Today Lilia had physical therapy after lunch, and then I rushed to pick up Jio. She was in her purple wheelchair, wearing her red braces,and of course she had this coil sticking to her head and her hearing aid. Some older kids were speculating about whether she was a baby, and I patiently explained that she is six and she wore the braces because she can’t walk, but she’s practicing walking.
Then, Lilia got out of the wheelchair and started crawling on the cement, and some little girls cried out, “Ew! How dirty!” I was annoyed, but I said, “After she washes her hands she’ll be fine.” I don’t know if they were paying any attention to me or not, but they came closer to Lilia and they asked what was on her head. I explained that it was a hearing aid. (I wasn’t in the mood to try to explain cochlear implants to six year olds.) And then, they started saying, “Kowai!” I tried to remain patient, and asked “What is scary about her?” But they are only six and they can’t articulate that. They came closer and closer to Lilia and one of them was holding a stick. At that point I became pretty pissed off. One of the foreign English teachers appeared right about then, and I said, “These kids need some sensitivity training” and I explained to her what they were saying. Then I did my best to hustle my kids out of there.

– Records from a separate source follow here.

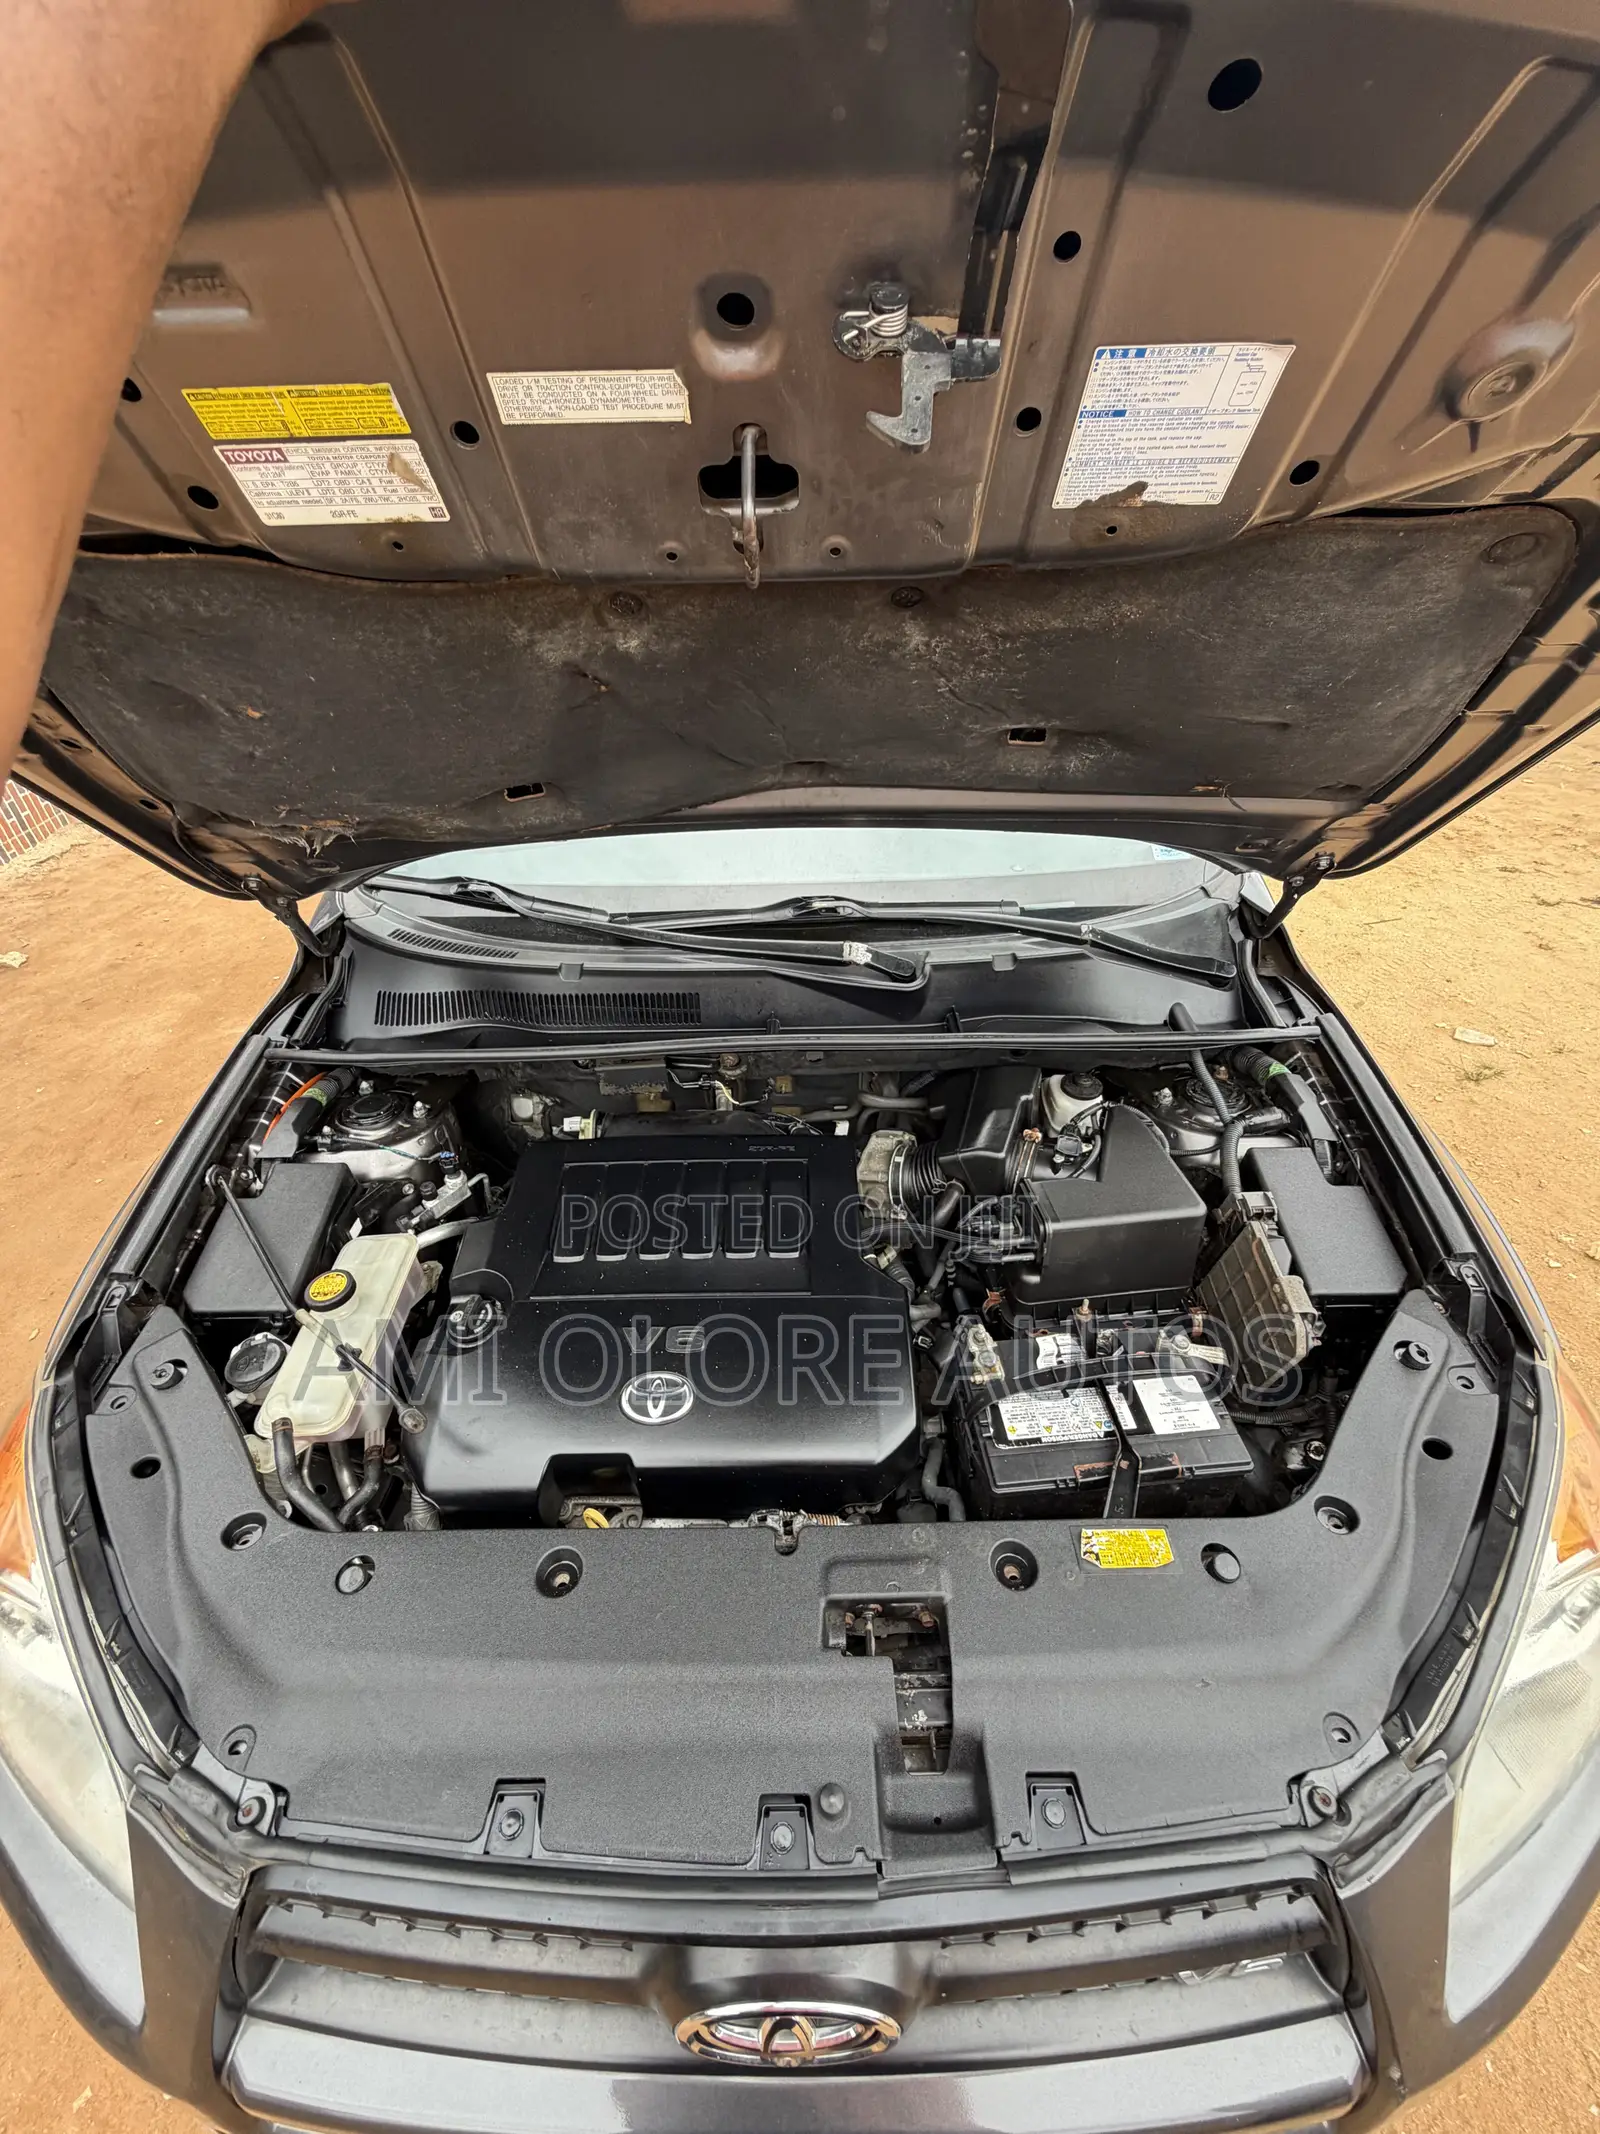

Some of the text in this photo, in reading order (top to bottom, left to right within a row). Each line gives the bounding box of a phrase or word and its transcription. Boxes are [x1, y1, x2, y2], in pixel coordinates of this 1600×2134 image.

[495, 378, 524, 386] LOADED
[589, 376, 632, 384] PERMANENT
[536, 384, 571, 392] TRACTION
[573, 383, 646, 391] CONTROL-EQUIPPED
[610, 389, 659, 397] FOUR-WHEEL
[531, 398, 587, 406] SYNCHRONIZED
[556, 404, 600, 412] NON-LOADED
[666, 402, 685, 410] MUST
[519, 411, 566, 419] PERFORMED.
[1081, 410, 1114, 418] NOTICE
[343, 446, 373, 454] CONTROL
[224, 450, 284, 462] TOYOTA
[310, 469, 331, 477] EVAP
[622, 1325, 706, 1354] V6

I had this vision of Lilia in public school, being tormented on a daily basis by little girls like those, who are probably sent to piano and English conversation class and swimming so that they will be high achievers and make good wives and then fashionable education mamas with Chanel bags, like the ones I saw at the entrance ceremony. I imagined their parents feeling sorry for me because they have such perfect little girls and I don’t, and I hated them all.
I write essays and stories and articles about disability issues and I try to be open about Lilia’s disabilities, but my intense anger toward those little girls made me realize how far I have yet to evolve.